▸ Problem statement
Print the full set of records below, character for character and picture-free.

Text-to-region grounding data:

------------------------

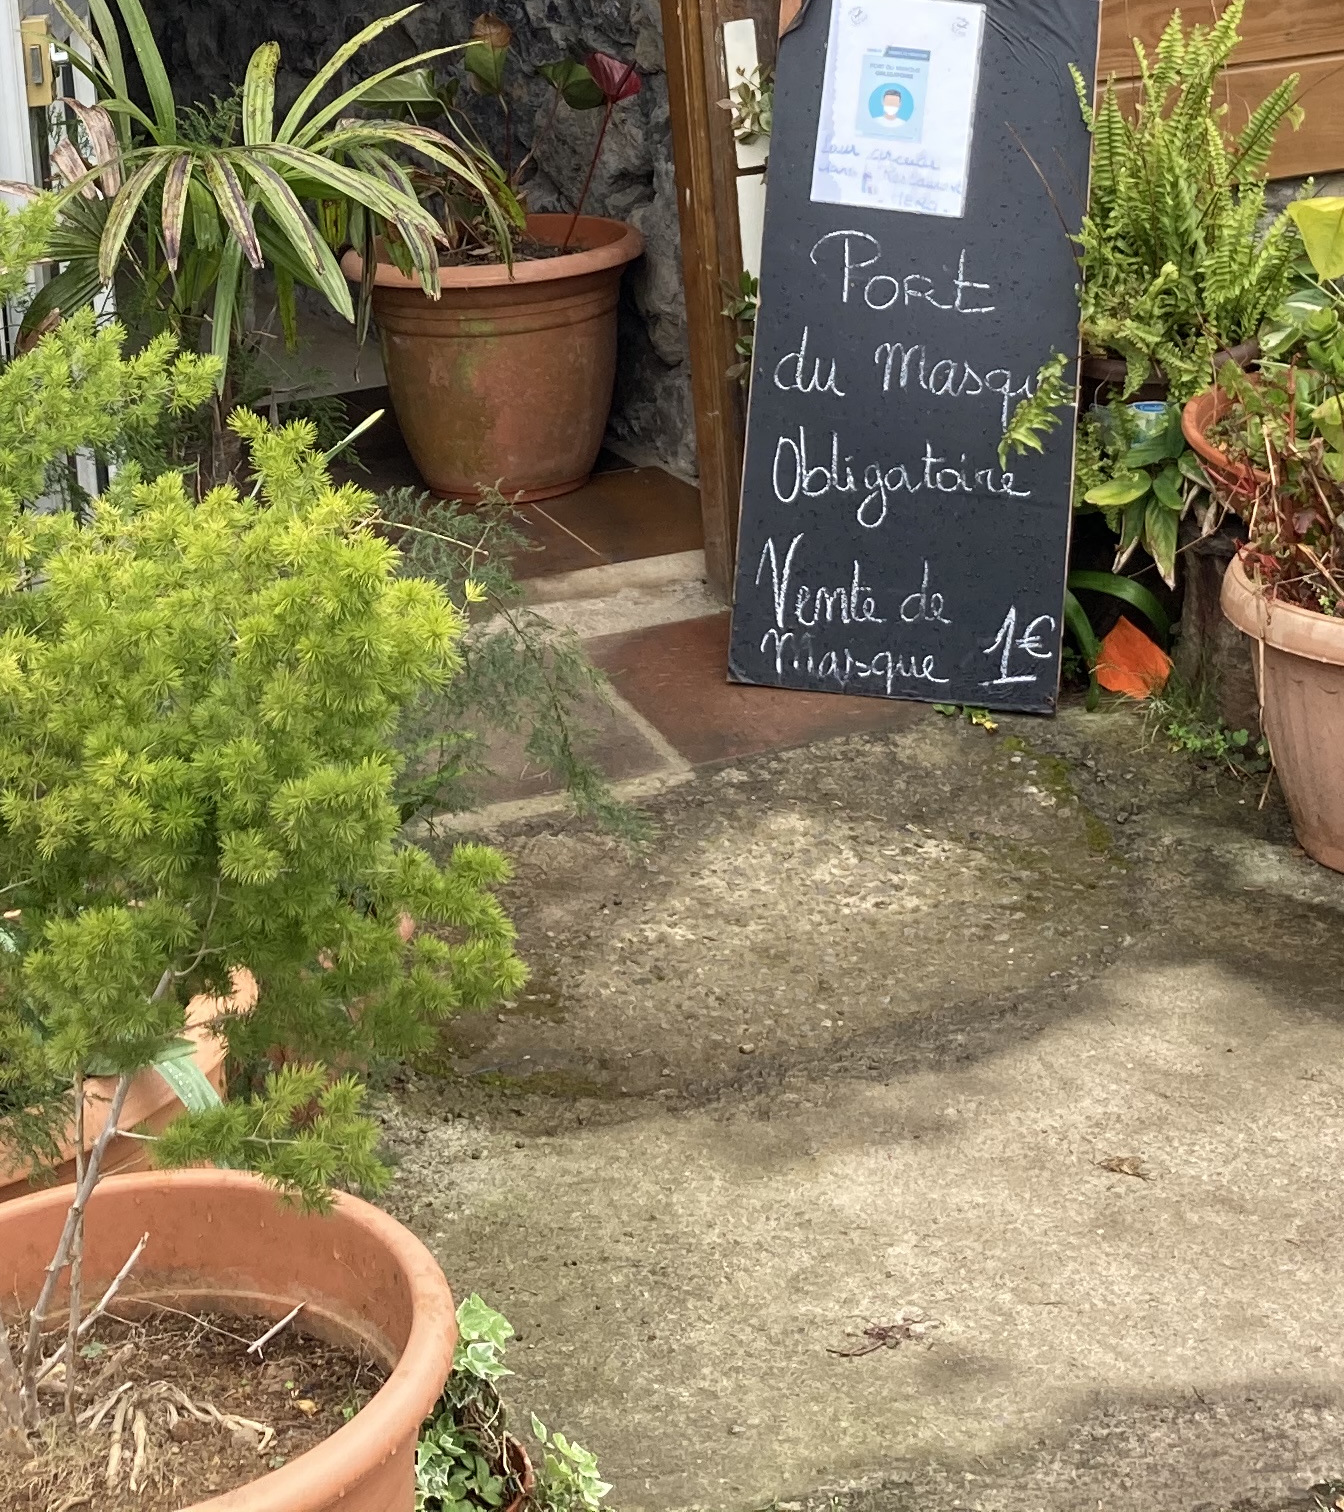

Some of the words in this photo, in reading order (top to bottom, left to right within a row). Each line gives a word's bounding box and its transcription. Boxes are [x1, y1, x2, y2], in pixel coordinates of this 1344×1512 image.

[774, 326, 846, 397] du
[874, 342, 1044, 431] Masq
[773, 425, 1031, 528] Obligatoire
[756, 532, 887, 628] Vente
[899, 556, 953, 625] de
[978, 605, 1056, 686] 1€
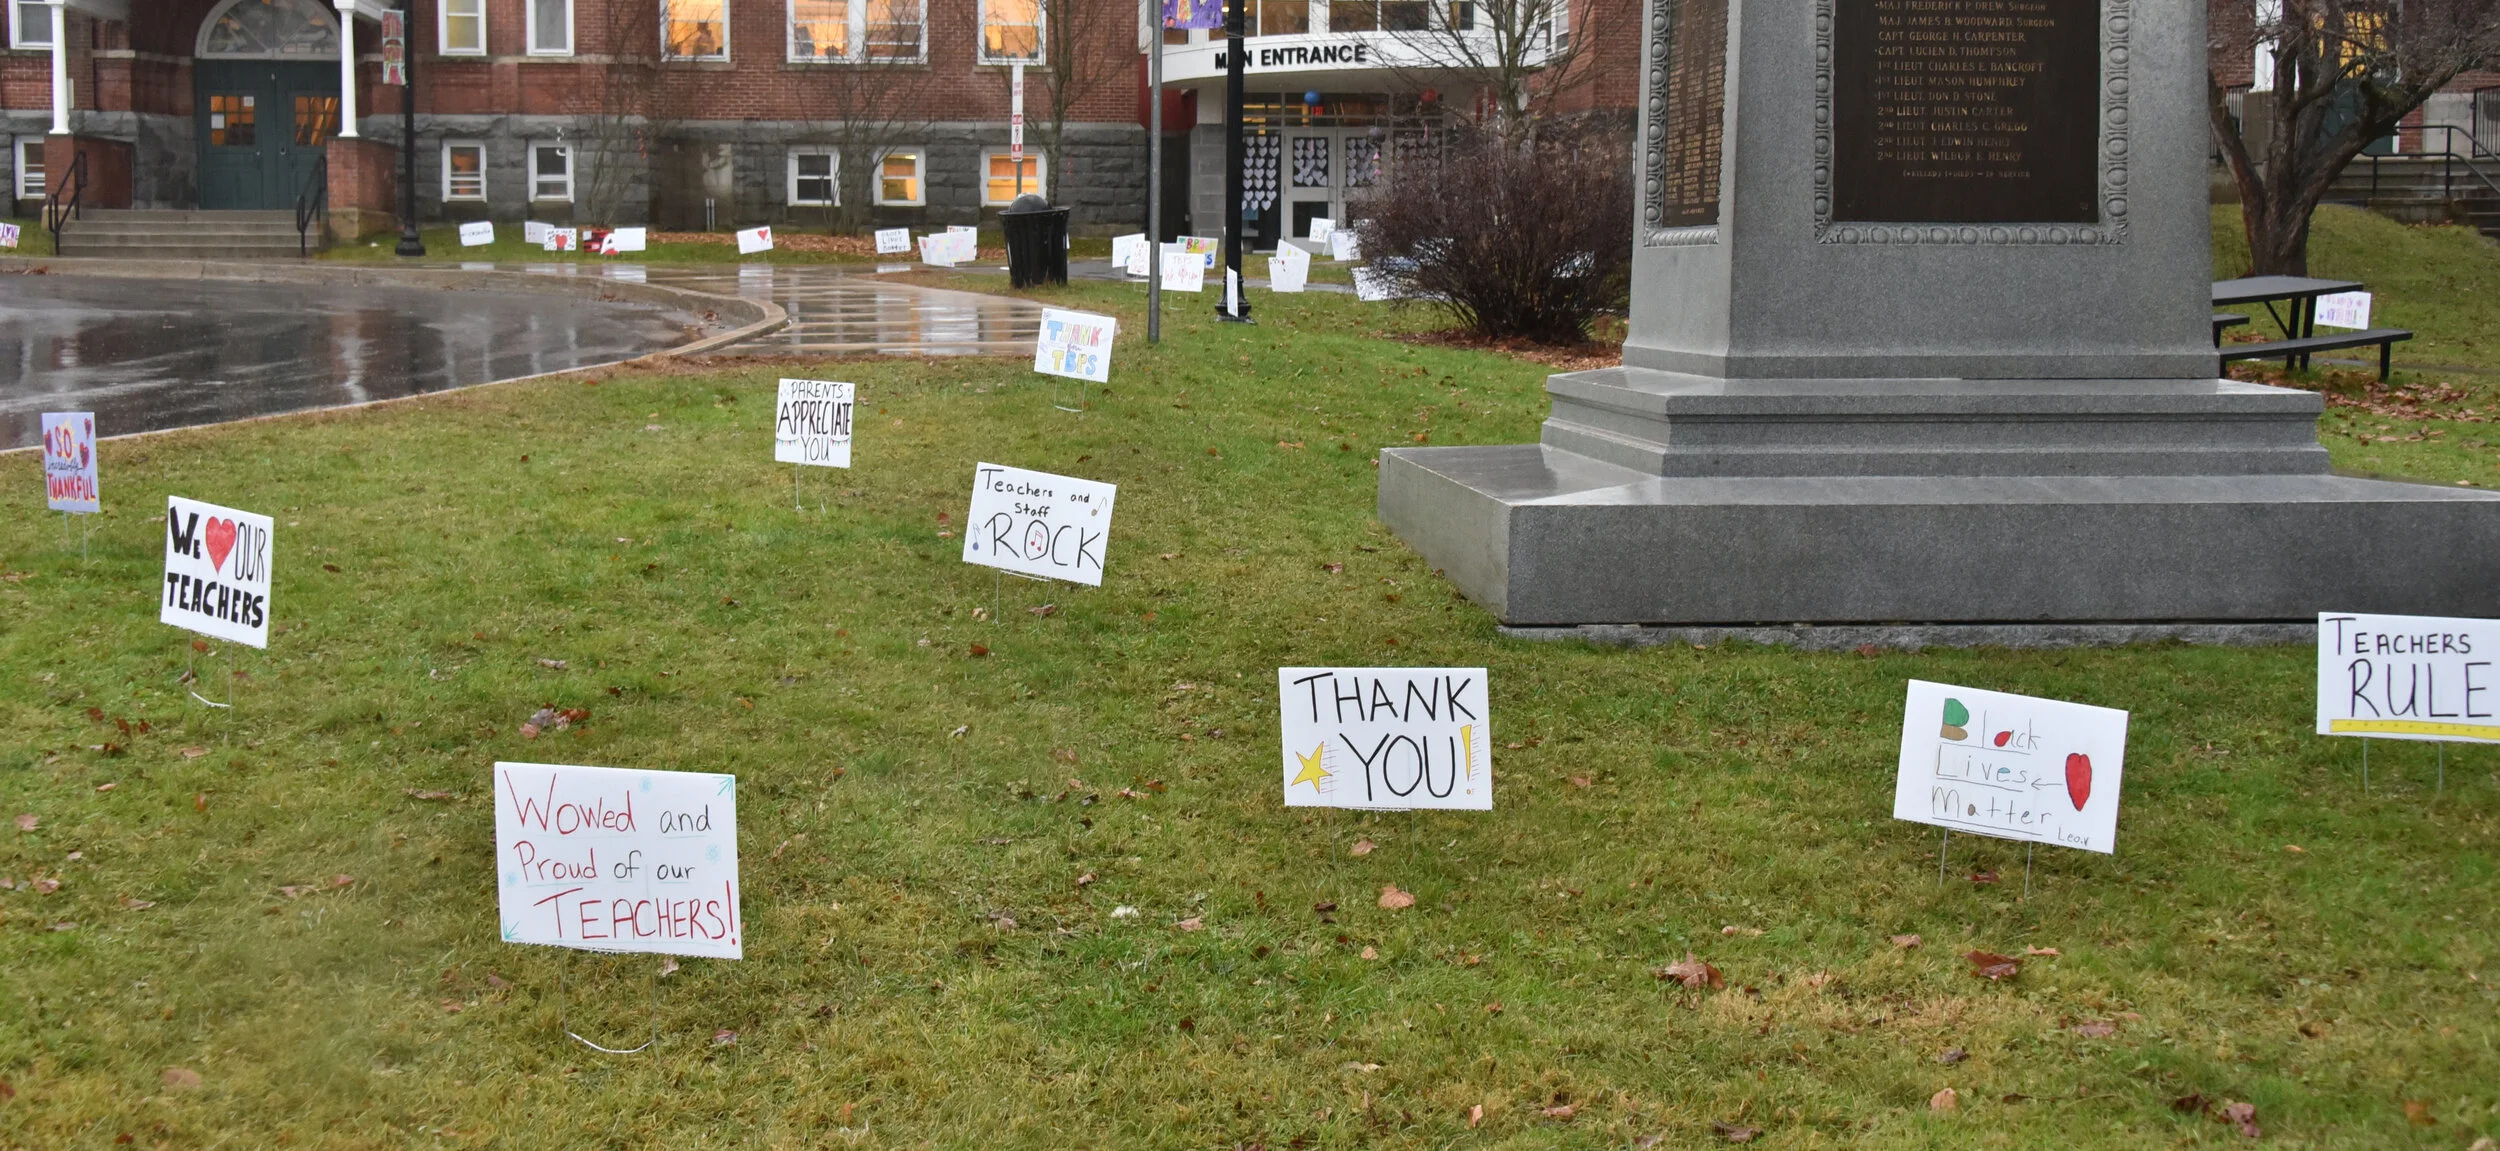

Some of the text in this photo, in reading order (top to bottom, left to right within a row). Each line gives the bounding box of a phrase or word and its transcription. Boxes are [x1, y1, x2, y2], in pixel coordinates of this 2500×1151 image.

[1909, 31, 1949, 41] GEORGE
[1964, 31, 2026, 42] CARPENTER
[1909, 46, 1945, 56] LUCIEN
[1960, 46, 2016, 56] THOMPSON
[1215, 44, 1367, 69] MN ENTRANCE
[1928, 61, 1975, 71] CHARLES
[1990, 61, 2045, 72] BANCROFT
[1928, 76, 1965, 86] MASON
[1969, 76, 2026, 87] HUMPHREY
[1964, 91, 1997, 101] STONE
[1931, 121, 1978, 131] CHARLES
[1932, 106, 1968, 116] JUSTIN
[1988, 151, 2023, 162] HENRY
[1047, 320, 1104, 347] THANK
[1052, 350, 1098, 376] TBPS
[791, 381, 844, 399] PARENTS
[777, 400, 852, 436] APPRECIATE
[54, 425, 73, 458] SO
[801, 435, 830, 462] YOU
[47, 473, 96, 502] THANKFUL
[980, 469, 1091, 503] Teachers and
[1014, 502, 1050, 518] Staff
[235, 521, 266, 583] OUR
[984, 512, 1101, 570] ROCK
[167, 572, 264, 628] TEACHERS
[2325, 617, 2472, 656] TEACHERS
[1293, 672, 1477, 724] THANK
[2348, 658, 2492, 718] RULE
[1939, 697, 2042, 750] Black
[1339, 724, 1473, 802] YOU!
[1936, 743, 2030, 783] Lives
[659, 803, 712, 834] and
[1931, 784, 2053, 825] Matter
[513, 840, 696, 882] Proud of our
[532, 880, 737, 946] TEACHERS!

------------------------

▸ Answer to the exercise
Some of the words in this photo, in reading order (top to bottom, left to right within a row). Each line gives a word's bounding box and its transcription. Boxes are [x1, y1, x2, y2], in pixel coordinates of this 1344×1512 image.

[774, 326, 846, 397] du
[874, 342, 1044, 431] Masq
[773, 425, 1031, 528] Obligatoire
[756, 532, 887, 628] Vente
[899, 556, 953, 625] de
[978, 605, 1056, 686] 1€

Some of the text in this photo, in reading order (top to bottom, left to right within a row). Each line gives the bounding box of a phrase or word and its transcription. Boxes are [x1, y1, x2, y2], in pixel coordinates of this 2500×1151 image.

[1909, 31, 1949, 41] GEORGE
[1964, 31, 2026, 42] CARPENTER
[1909, 46, 1945, 56] LUCIEN
[1960, 46, 2016, 56] THOMPSON
[1215, 44, 1367, 69] MN ENTRANCE
[1928, 61, 1975, 71] CHARLES
[1990, 61, 2045, 72] BANCROFT
[1928, 76, 1965, 86] MASON
[1969, 76, 2026, 87] HUMPHREY
[1964, 91, 1997, 101] STONE
[1931, 121, 1978, 131] CHARLES
[1932, 106, 1968, 116] JUSTIN
[1988, 151, 2023, 162] HENRY
[1047, 320, 1104, 347] THANK
[1052, 350, 1098, 376] TBPS
[791, 381, 844, 399] PARENTS
[777, 400, 852, 436] APPRECIATE
[54, 425, 73, 458] SO
[801, 435, 830, 462] YOU
[47, 473, 96, 502] THANKFUL
[980, 469, 1091, 503] Teachers and
[1014, 502, 1050, 518] Staff
[235, 521, 266, 583] OUR
[984, 512, 1101, 570] ROCK
[167, 572, 264, 628] TEACHERS
[2325, 617, 2472, 656] TEACHERS
[1293, 672, 1477, 724] THANK
[2348, 658, 2492, 718] RULE
[1939, 697, 2042, 750] Black
[1339, 724, 1473, 802] YOU!
[1936, 743, 2030, 783] Lives
[659, 803, 712, 834] and
[1931, 784, 2053, 825] Matter
[513, 840, 696, 882] Proud of our
[532, 880, 737, 946] TEACHERS!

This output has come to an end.